Please refer to Running_Jobs_on_the_teaching_cluster, Run X window Jobs and Run interactive Jobs for more details of running jobs at Teaching cluster.
Here is an example of job submission command:
sbatch ./sub.sh
Documentation
ml KmerGenie/1.7044-foss-2016b
kmergenie --help
KmerGenie 1.7044
Usage:
kmergenie <read_file> [options]
Options:
--diploid use the diploid model (default: haploid model)
--one-pass skip the second pass to estimate k at 2 bp resolution (default: two passes)

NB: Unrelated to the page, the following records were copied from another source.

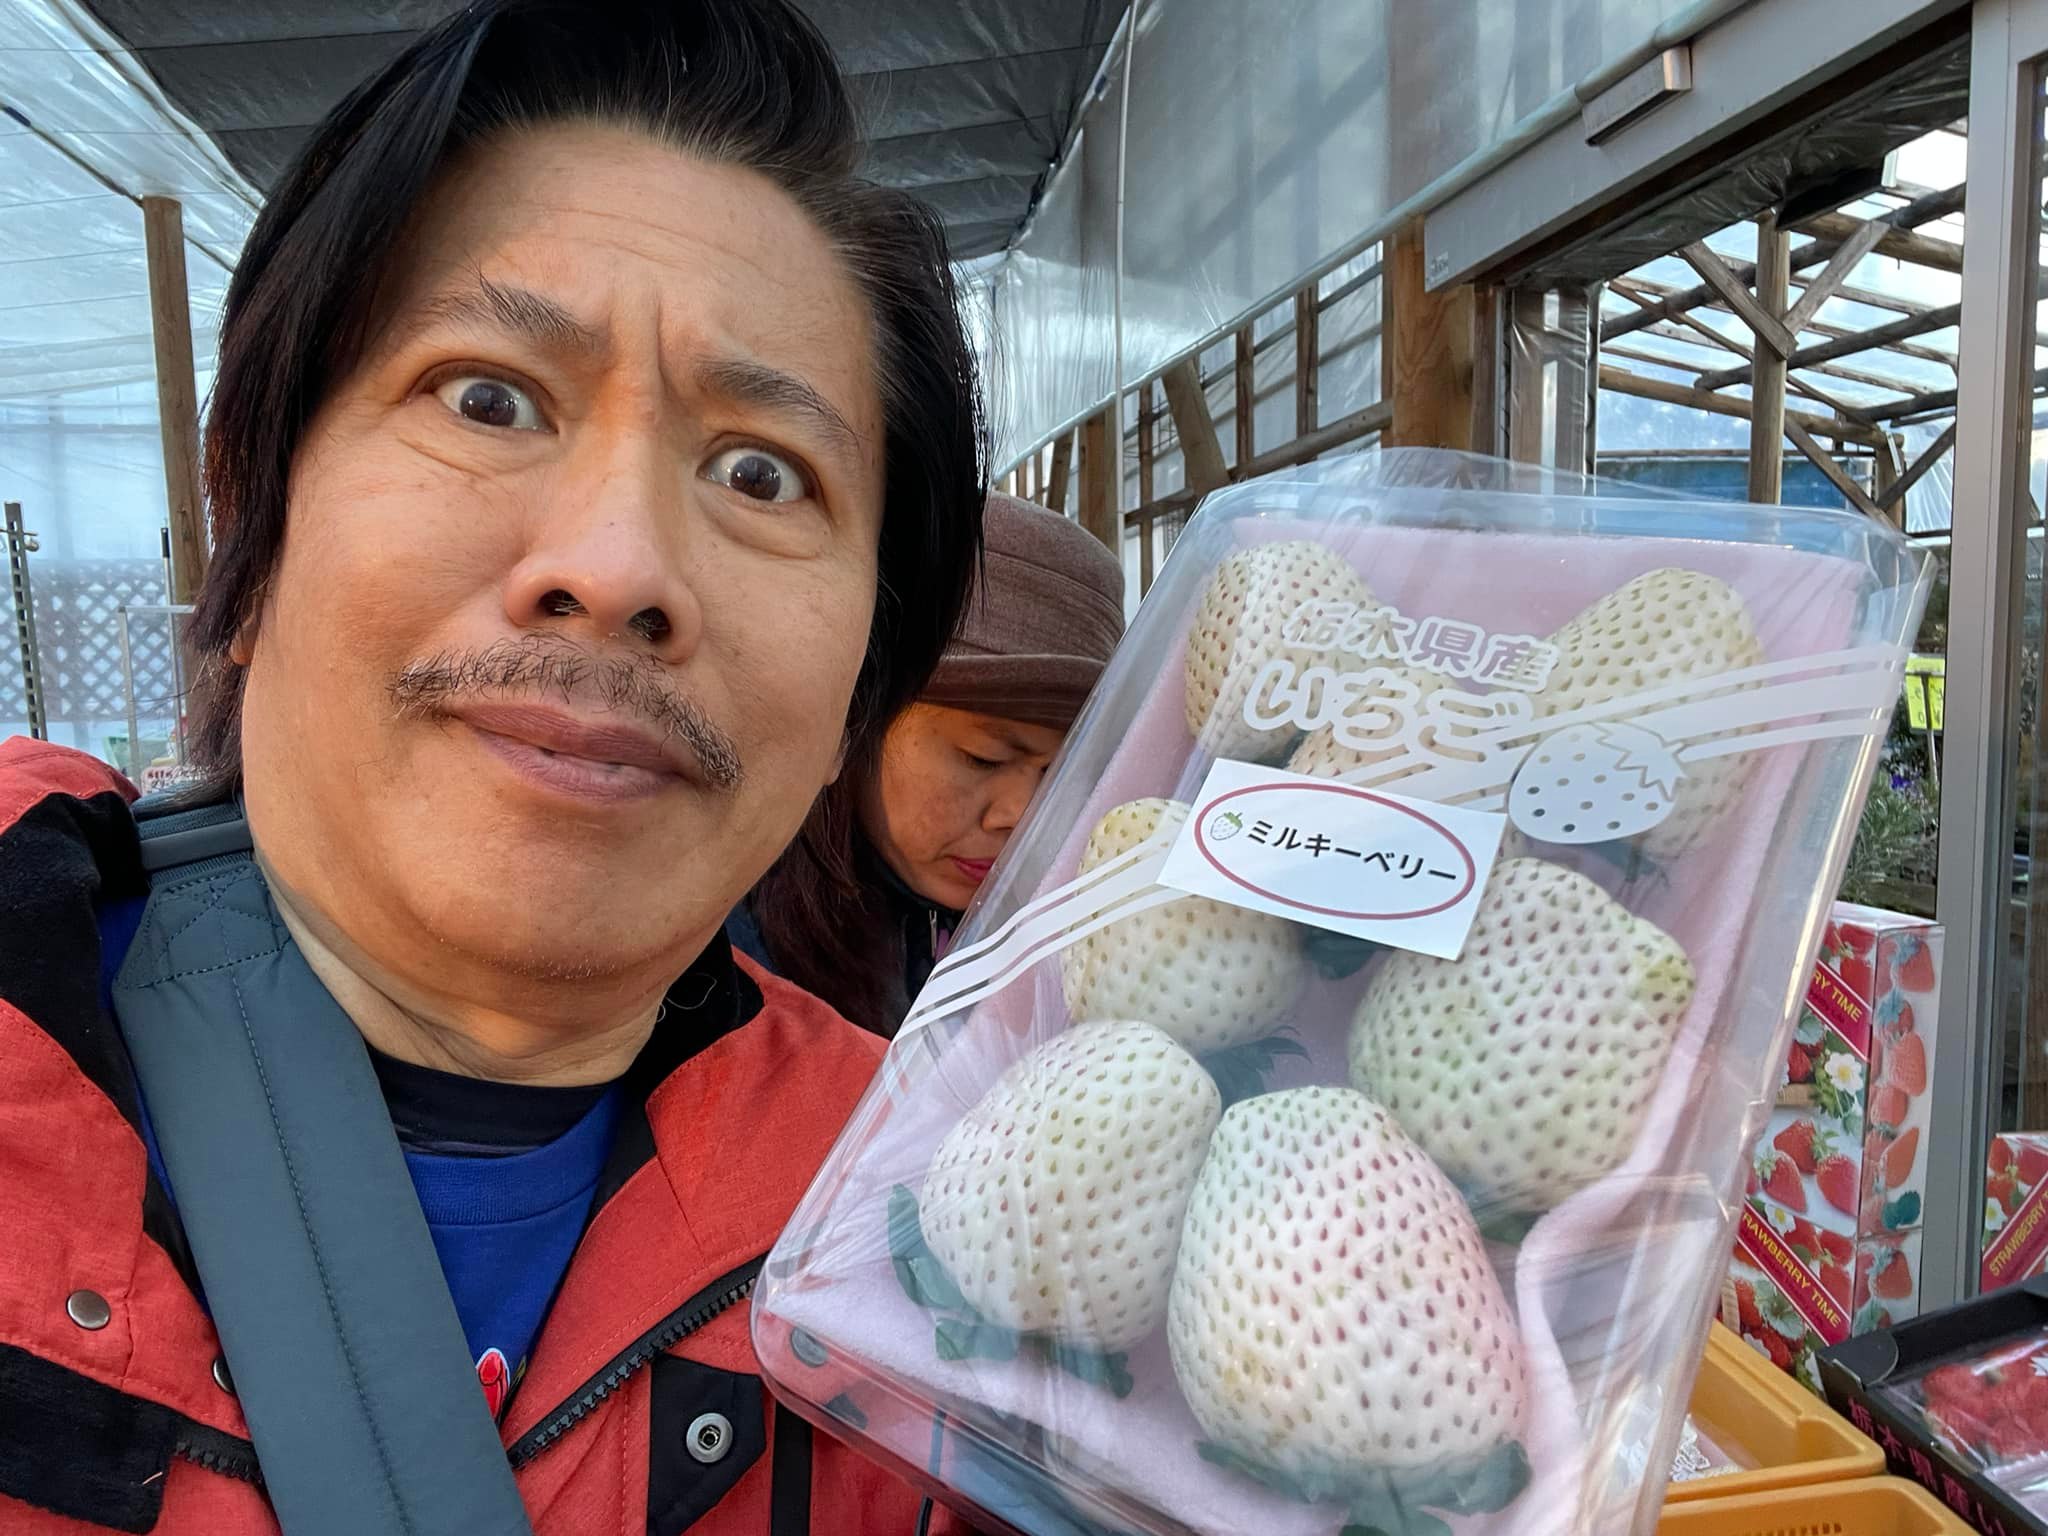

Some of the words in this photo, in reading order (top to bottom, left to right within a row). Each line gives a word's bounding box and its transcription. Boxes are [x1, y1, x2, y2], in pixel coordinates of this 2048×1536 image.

[1284, 600, 1559, 691] 栃木県産
[1248, 662, 1528, 764] いちご
[1247, 819, 1457, 880] ミルキーベリー
[1832, 986, 1863, 1023] TIME
[1743, 1212, 1810, 1289] RAWBERRY
[1811, 1288, 1841, 1328] TIME
[1989, 1199, 2047, 1276] STRAWBERRY
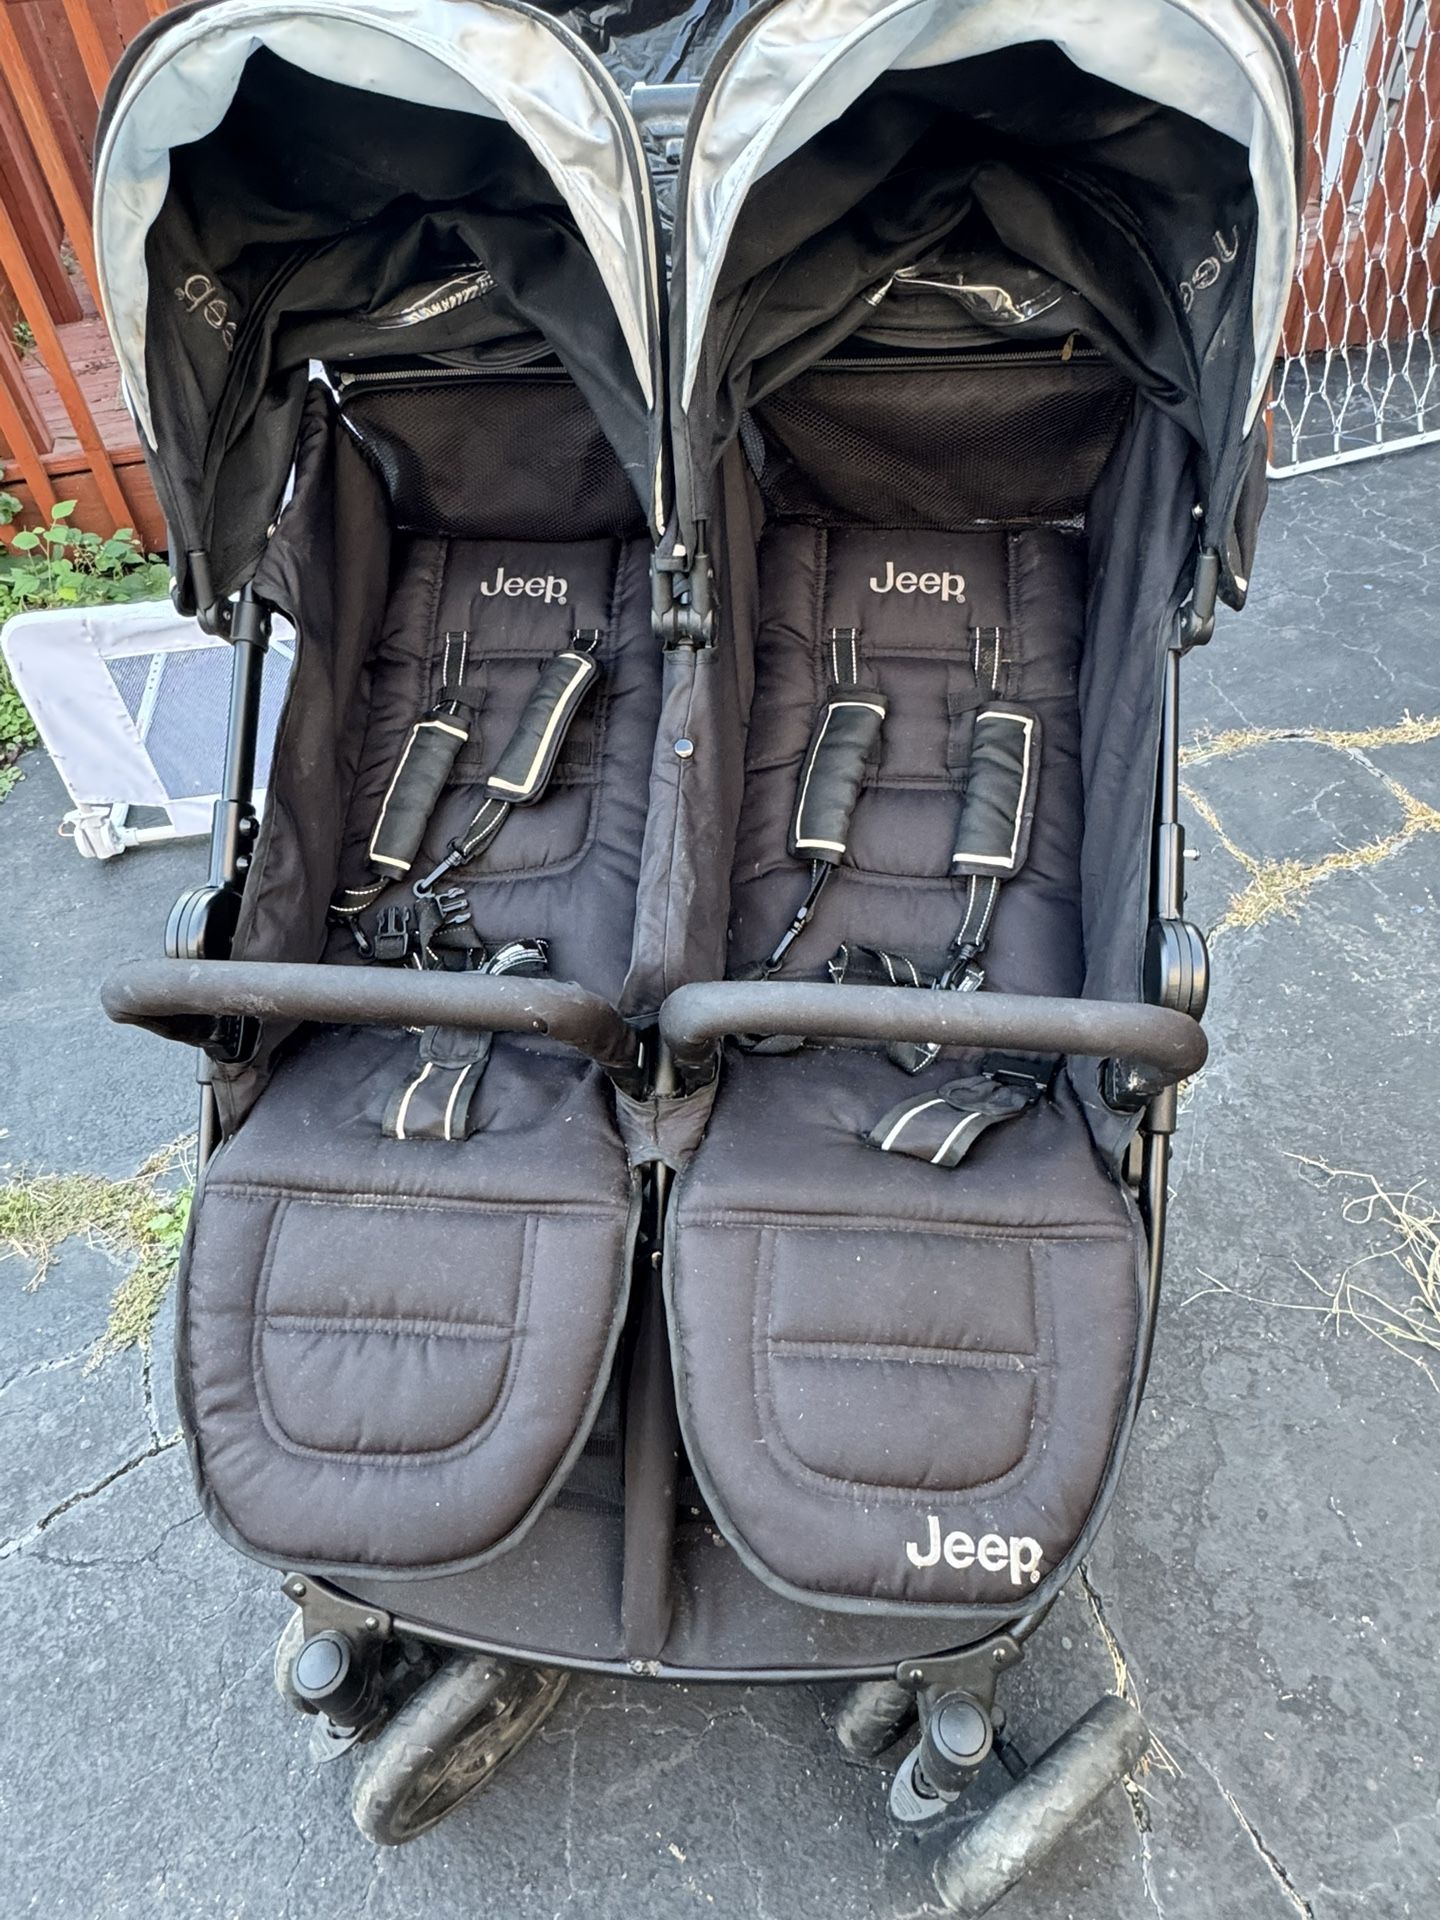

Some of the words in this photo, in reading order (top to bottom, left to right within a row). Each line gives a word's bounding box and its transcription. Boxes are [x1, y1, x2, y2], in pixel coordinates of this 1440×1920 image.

[480, 567, 568, 605] Jeep
[870, 561, 965, 603] Jeep
[906, 1515, 1043, 1584] Jeep
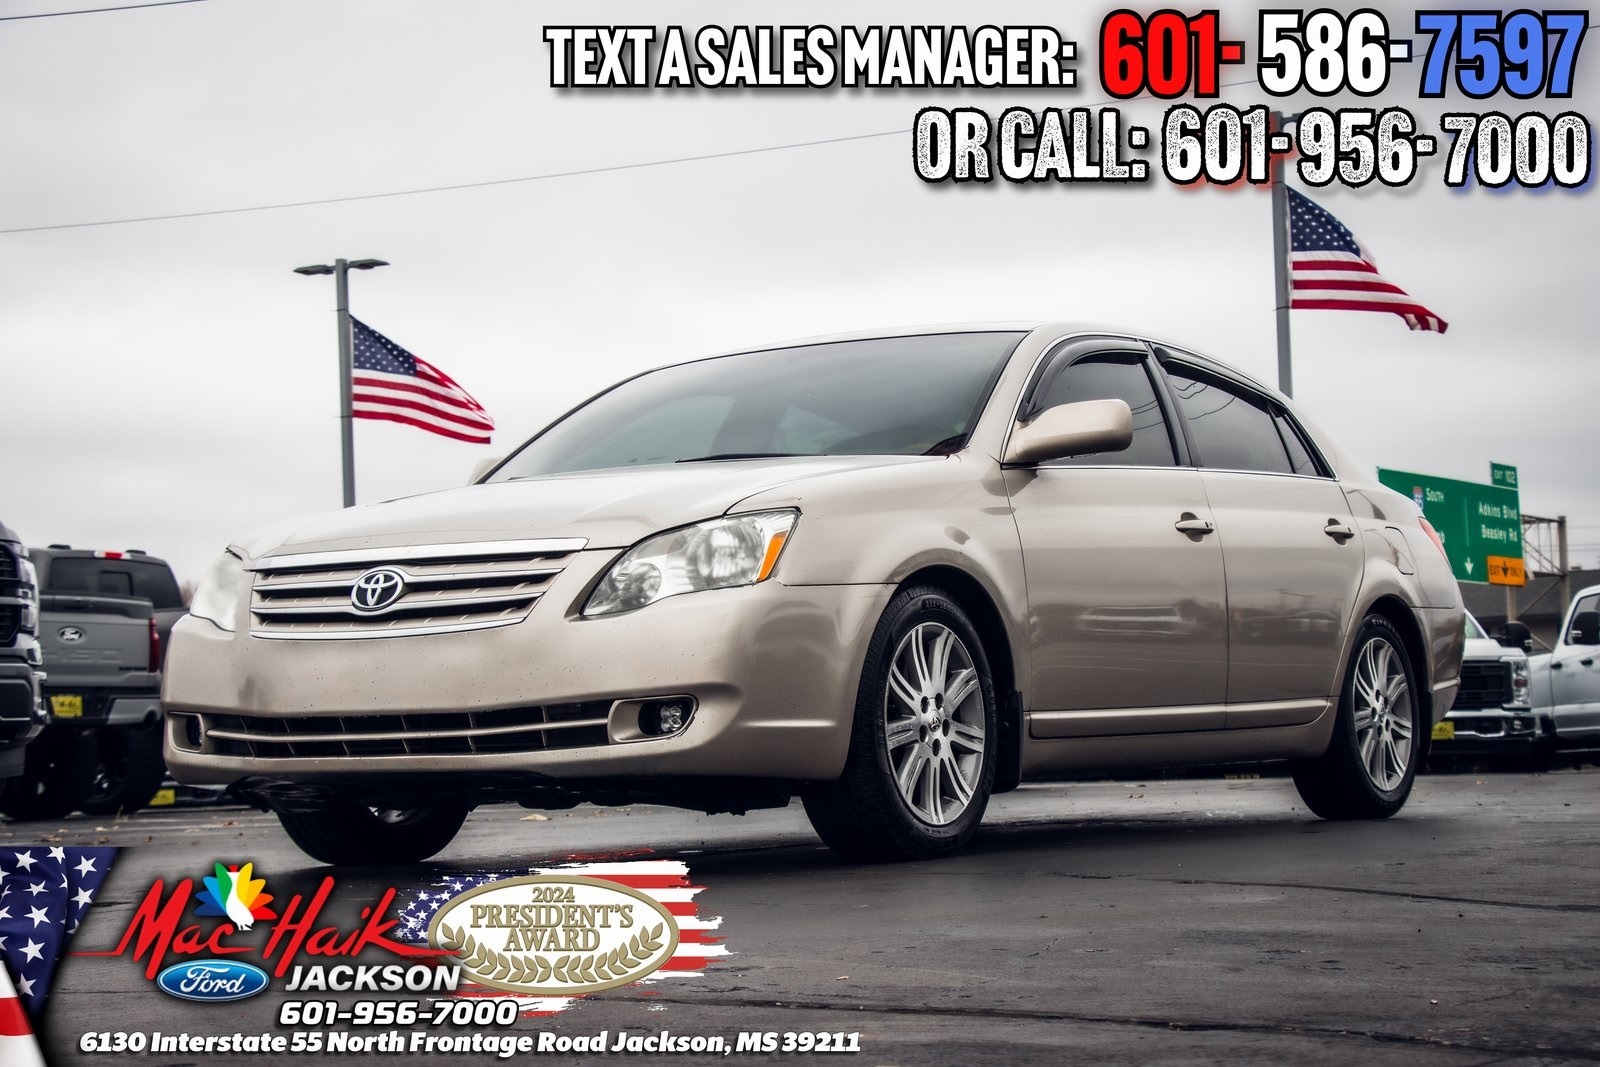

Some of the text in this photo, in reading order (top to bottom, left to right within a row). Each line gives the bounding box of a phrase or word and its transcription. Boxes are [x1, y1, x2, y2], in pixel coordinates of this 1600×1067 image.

[1505, 470, 1516, 484] 102
[1478, 502, 1518, 520] Adkins Blvd
[1481, 524, 1518, 543] Beasley Rd
[1489, 564, 1523, 578] EXIT ONLY

-k <value> largest k-mer size to consider (default: 121)
-l <value> smallest k-mer size to consider (default: 15)
-s <value> interval between consecutive kmer sizes (default: 10)
-e <value> k-mer sampling value (default: auto-detected to use ~200 MB memory/thread)
-t <value> number of threads (default: number of cores minus one)
-o <prefix> prefix of the output files (default: histograms)
--debug developer output of R scripts
--orig-hist legacy histogram estimation method (slower, less accurate)
Installation
Source code is obtained from KmerGenie
System
64-bit Linux